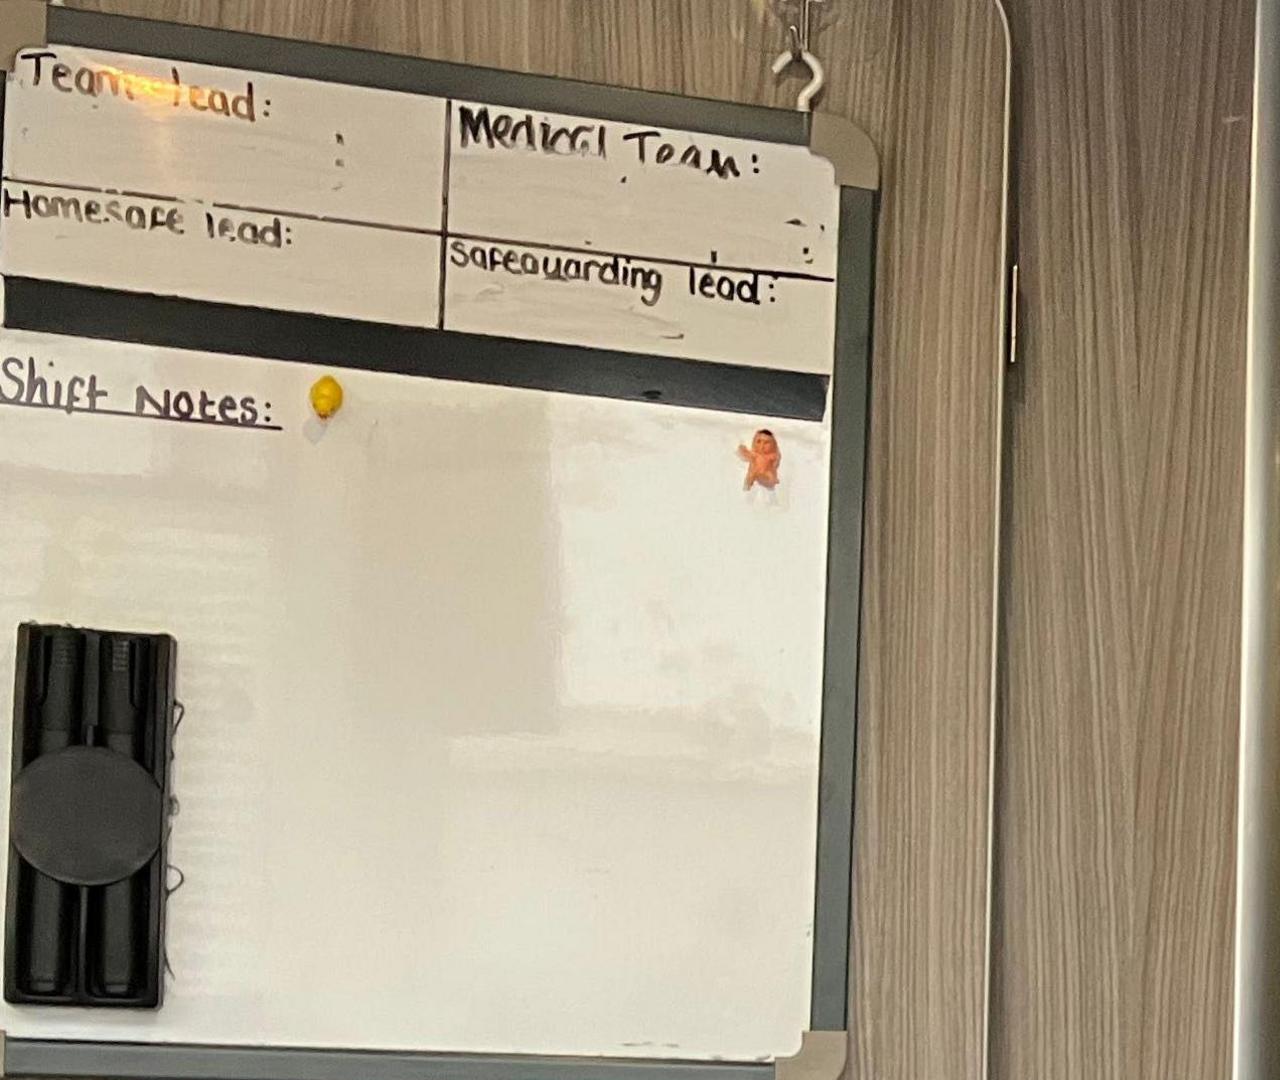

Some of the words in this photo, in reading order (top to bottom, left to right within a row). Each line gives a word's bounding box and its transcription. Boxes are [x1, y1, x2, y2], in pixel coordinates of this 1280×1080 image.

[171, 66, 271, 123] lead:
[459, 106, 607, 160] Medical
[623, 130, 761, 179] Team:
[205, 212, 293, 249] lead:
[689, 264, 776, 306] lead:
[0, 356, 108, 414] Shift
[135, 384, 272, 425] Notes:
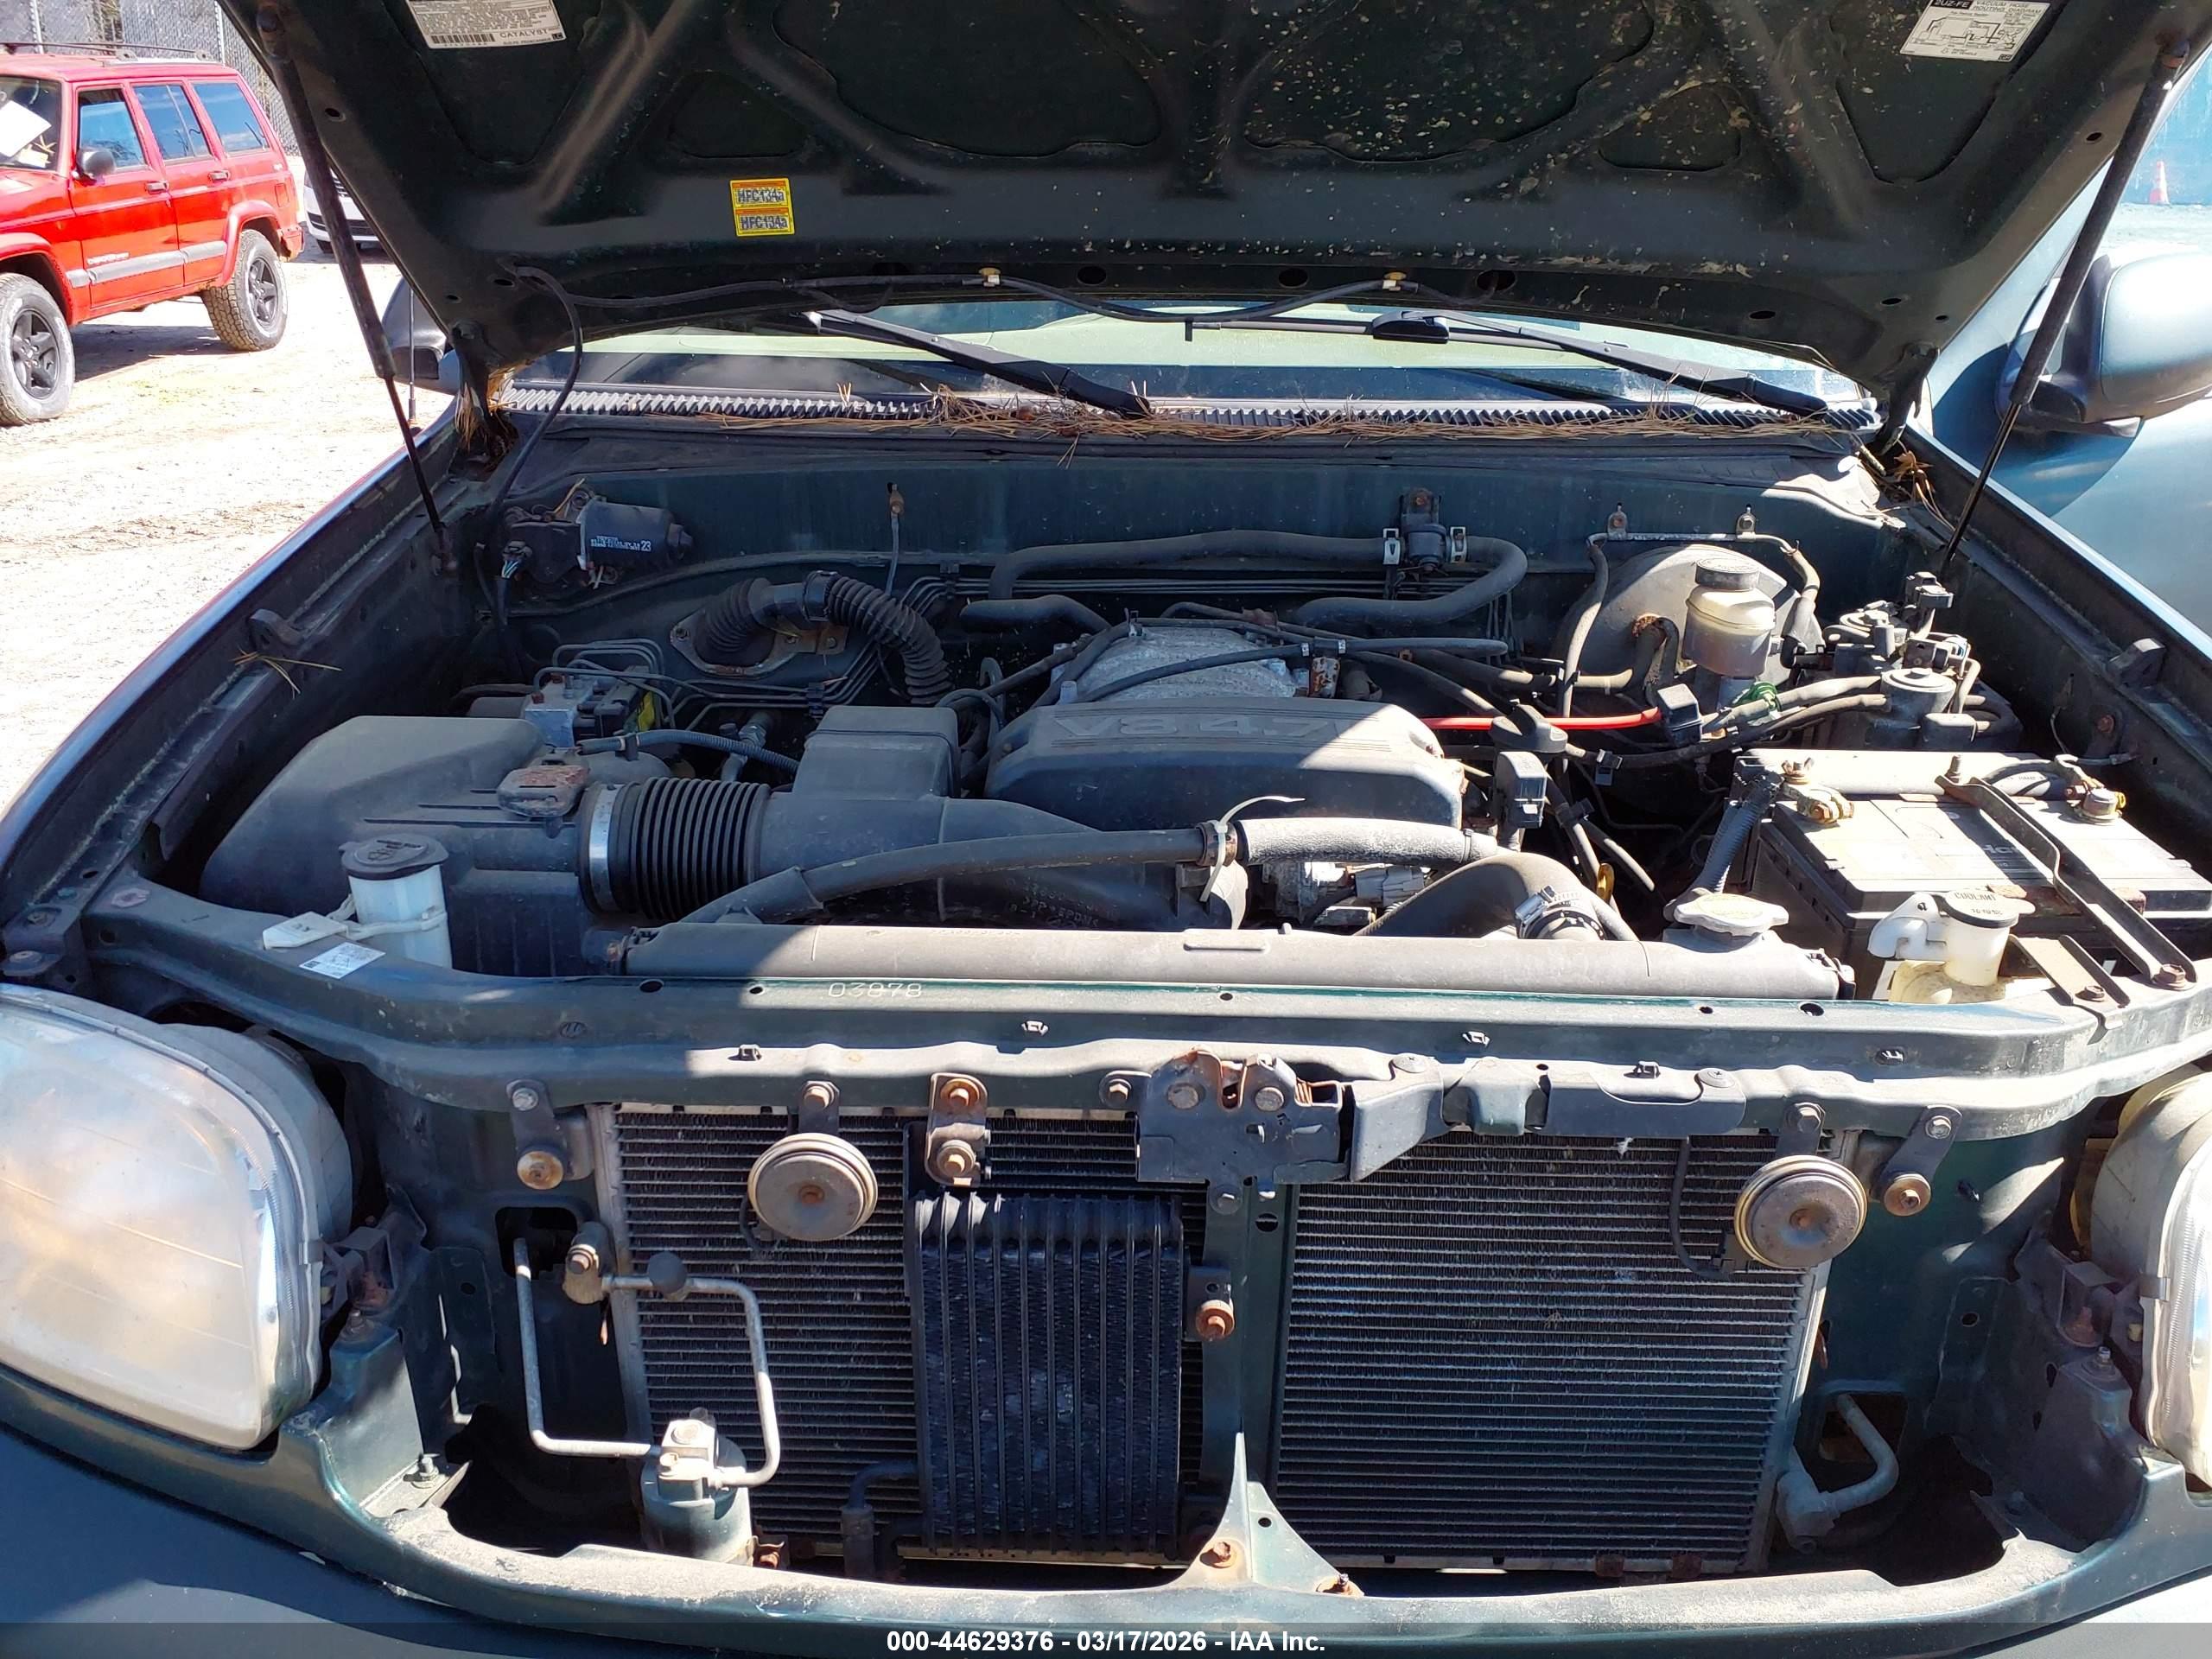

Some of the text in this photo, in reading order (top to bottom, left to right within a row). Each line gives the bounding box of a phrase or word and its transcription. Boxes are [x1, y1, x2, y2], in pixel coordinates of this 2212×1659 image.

[499, 29, 549, 38] CATALYST
[1055, 718, 1177, 737] V8
[829, 982, 922, 997] 03878

### Exercise
Repeat the listing word for word, and skip every picture it contains.

### Expected output
Some of the words in this photo, in reading order (top to bottom, left to right within a row). Each line gives a word's bounding box and its transcription. Boxes are [x1, y1, x2, y2], in pixel coordinates of this 1280×1080 image.

[171, 66, 271, 123] lead:
[459, 106, 607, 160] Medical
[623, 130, 761, 179] Team:
[205, 212, 293, 249] lead:
[689, 264, 776, 306] lead:
[0, 356, 108, 414] Shift
[135, 384, 272, 425] Notes:

Some of the text in this photo, in reading order (top to bottom, left to right within a row). Each line gives the bounding box of a phrase or word and its transcription. Boxes are [x1, y1, x2, y2], in pixel coordinates of this 2212×1659 image.

[499, 29, 549, 38] CATALYST
[1055, 718, 1177, 737] V8
[829, 982, 922, 997] 03878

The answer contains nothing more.